• Task to carry out: With pictures left out, set down every record word for word.

(Beginning of Records supplied)

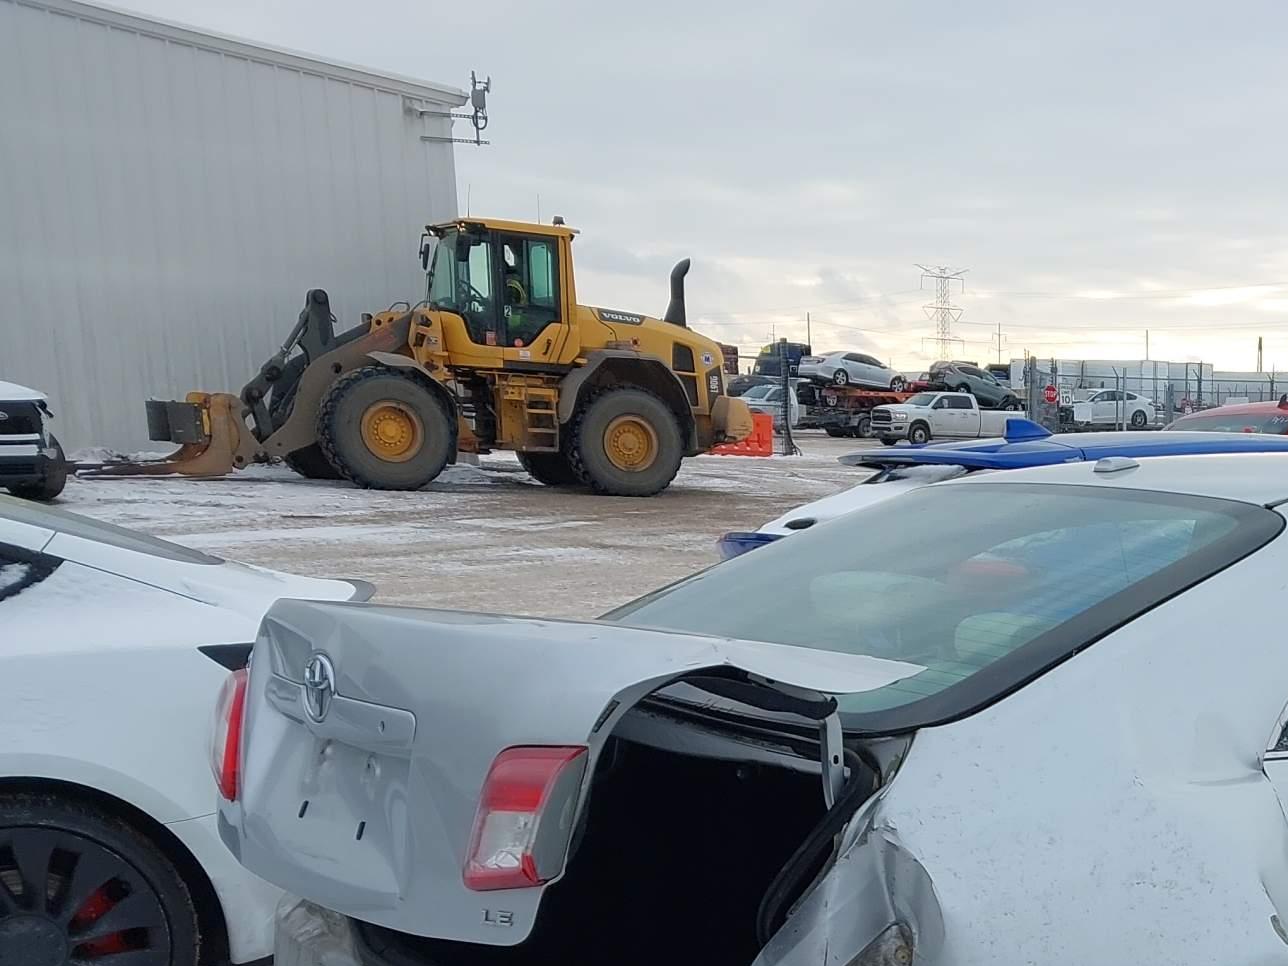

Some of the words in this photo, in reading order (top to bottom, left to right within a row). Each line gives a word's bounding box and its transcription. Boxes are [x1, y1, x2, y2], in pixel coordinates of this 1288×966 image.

[601, 312, 641, 323] VOLVO
[710, 375, 719, 393] L90G
[1044, 390, 1056, 398] STOP
[1061, 395, 1071, 404] 10
[481, 909, 513, 927] LE

(End of Records supplied)

• Exercise result:
Some of the words in this photo, in reading order (top to bottom, left to right within a row). Each line gives a word's bounding box and its transcription. Boxes are [x1, y1, x2, y2], in pixel coordinates of this 1288×966 image.

[601, 312, 641, 323] VOLVO
[710, 375, 719, 393] L90G
[1044, 390, 1056, 398] STOP
[1061, 395, 1071, 404] 10
[481, 909, 513, 927] LE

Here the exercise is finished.